The key turned in the kitchen door and it swung open.  Davis was right, the place stank.  I would, however, contest that my armpits smell like that.  The mewing of cats came from the landing above our heads as we walked through the hallway.  We looked at each other, no words needed.  Something wasn’t right. The stairs creaked as we made our way up. The cats scattered as we reached the landing, at least five or six of them.  The stench was almost unbearable.  A reluctant room-to-room followed.  We found him in the small studio room, still sat at his computer.

With the help of Martins on forensics the story was pieced together and it went like this.

The man had had an addiction.  No crack, meth or needle chill for The Seeker, no.  just good old Google.  He’d played chicken on the information super-highway and lost.  Too much information can kill you – ignorance is bliss.  He should’ve listened.

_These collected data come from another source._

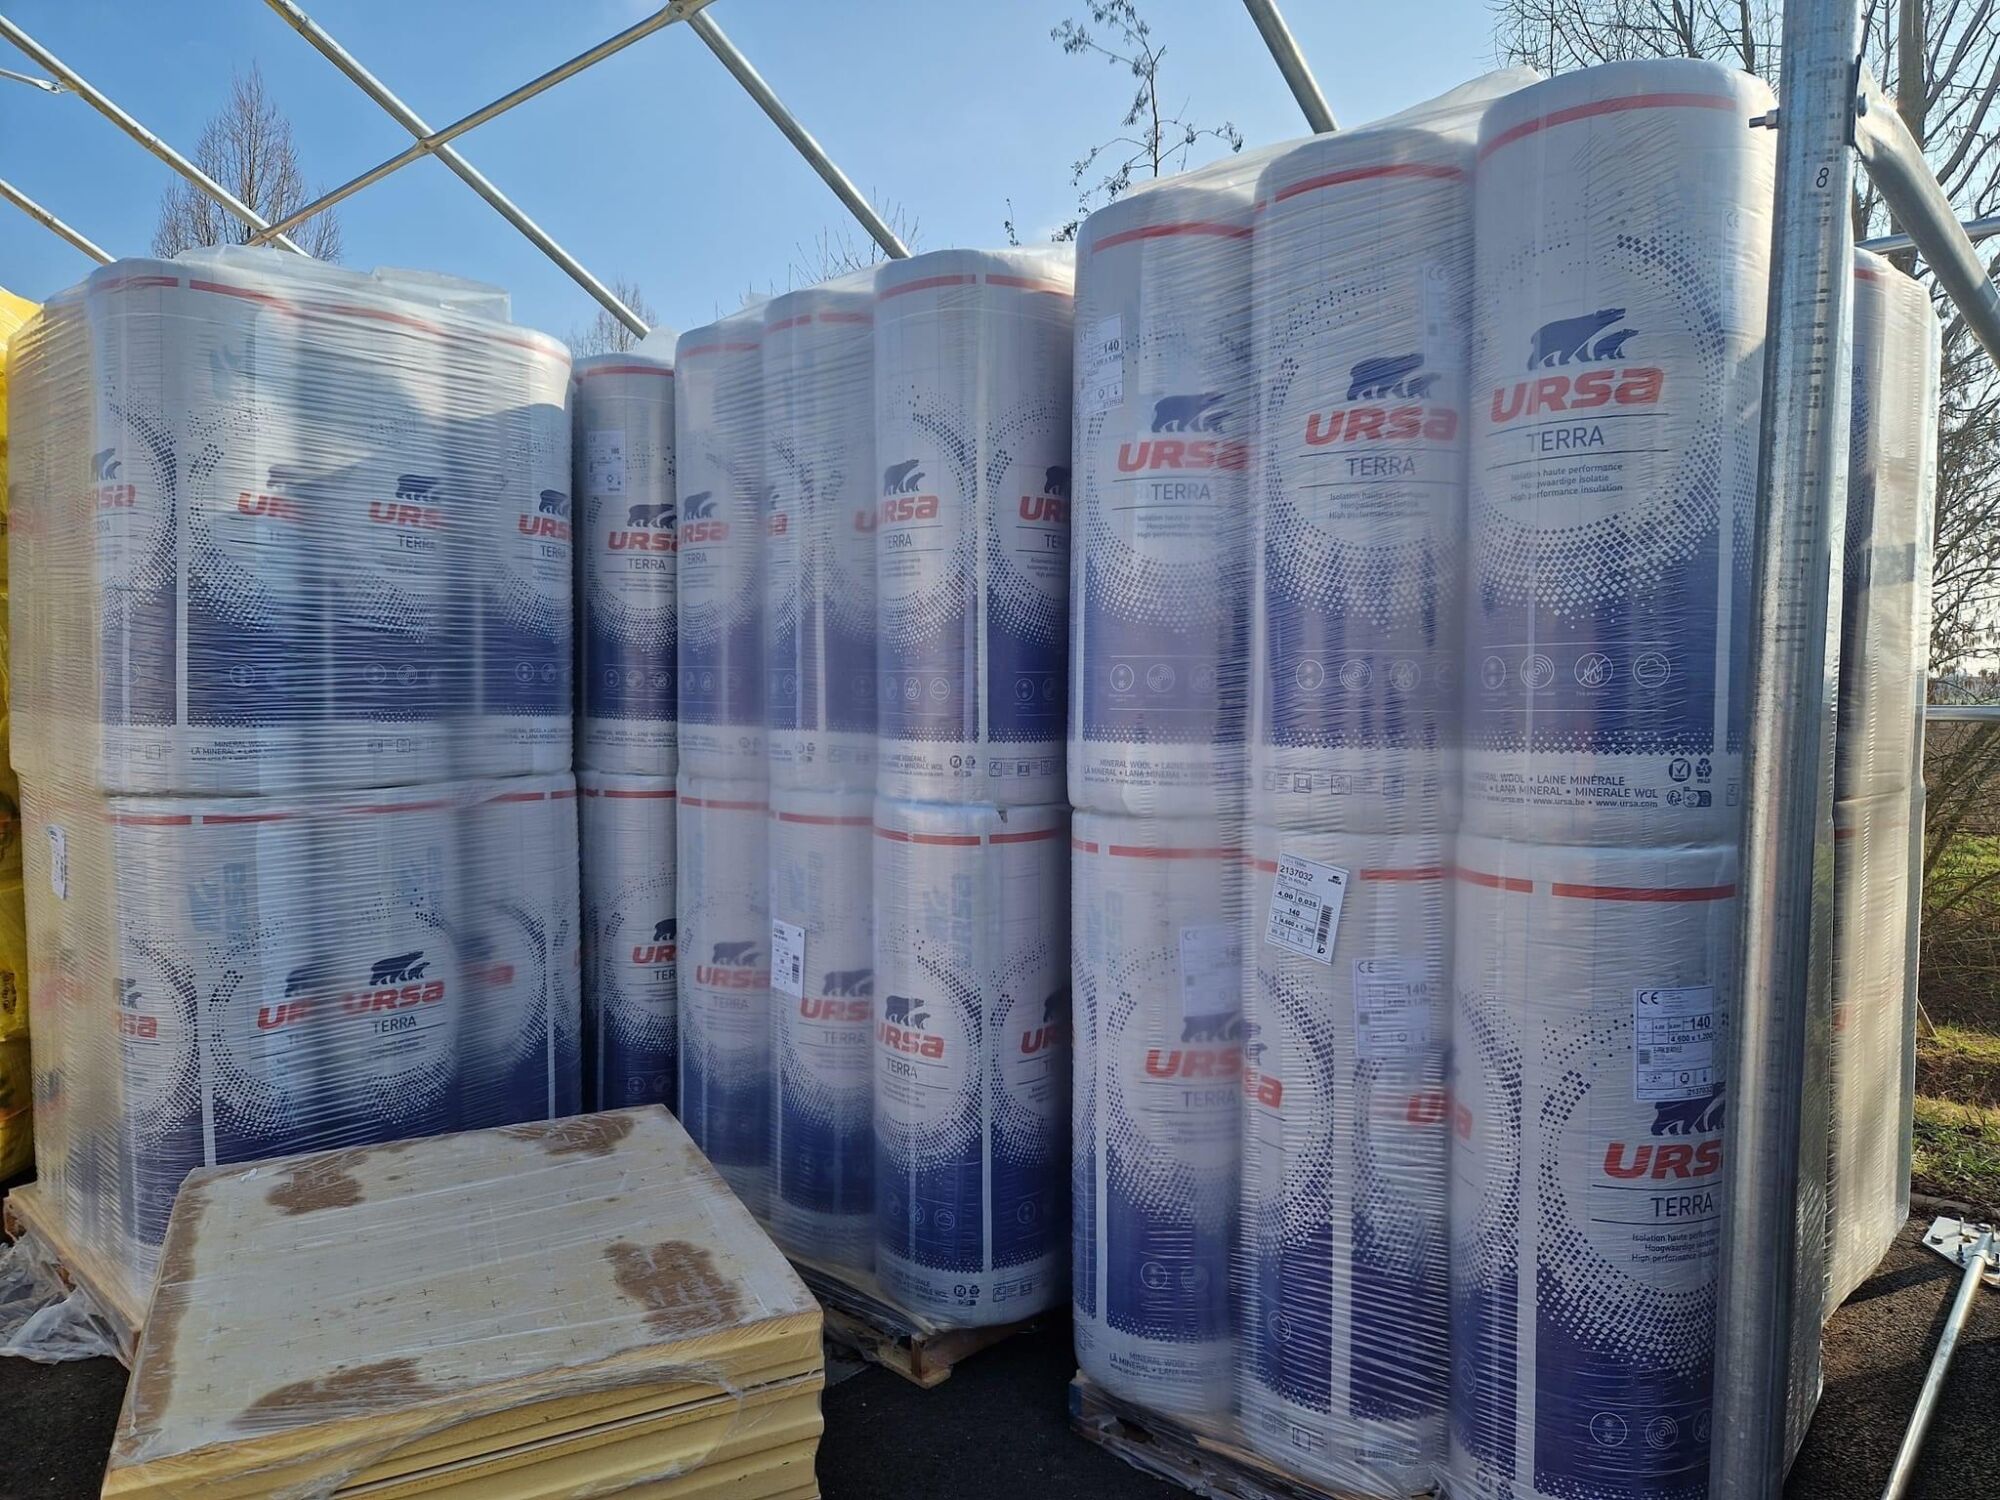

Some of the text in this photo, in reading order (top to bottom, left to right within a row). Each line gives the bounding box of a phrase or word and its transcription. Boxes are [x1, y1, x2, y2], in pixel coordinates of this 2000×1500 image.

[1815, 167, 1829, 188] 8
[1104, 339, 1119, 353] 140
[1526, 425, 1604, 452] TERRA
[1346, 456, 1416, 478] TERRA
[1152, 483, 1210, 501] TERRA
[628, 558, 666, 570] TERRA
[1500, 773, 1525, 783] WOOL
[1537, 774, 1566, 785] LAINE
[1519, 785, 1562, 796] MINERAL
[1575, 786, 1630, 798] MINERALE
[1634, 787, 1658, 799] WOL
[1279, 864, 1314, 882] 2137032
[1289, 908, 1300, 917] 140
[654, 970, 677, 980] TER
[372, 1015, 417, 1034] TERRA
[1691, 1015, 1711, 1030] 140
[823, 1030, 867, 1045] TERRA
[886, 1057, 918, 1080] TERRA
[1182, 1089, 1237, 1108] TERRA
[1650, 1193, 1713, 1218] TERRA
[1632, 1232, 1666, 1242] Isolation

Only afterwards, going through his browser history, did the full extent of his addiction come to light.  He’d researched everything from an aardvark’s anal glands to a zebra’s zoonosis.  During this month-long bout of browser fever, he’d starting neglecting himself then he’d started neglecting his cats.  The official cause of death was dehydration; he’d sat and sat until his body was so drained of fluids he’d just collapsed.  He’d even rigged up some form of hose system to an old washtub so he didn’t have to get out of his seat.  No eating for The Seeker, he was nourishing himself in a Wikipedia frenzy, feeding off a You Tube drip and, slowly but surely, Googling himself to death.  Somewhere during the course of this derangement his dehydrated body gave up and his heart gave out.  At least we hope it did.

After all, the cats had to eat.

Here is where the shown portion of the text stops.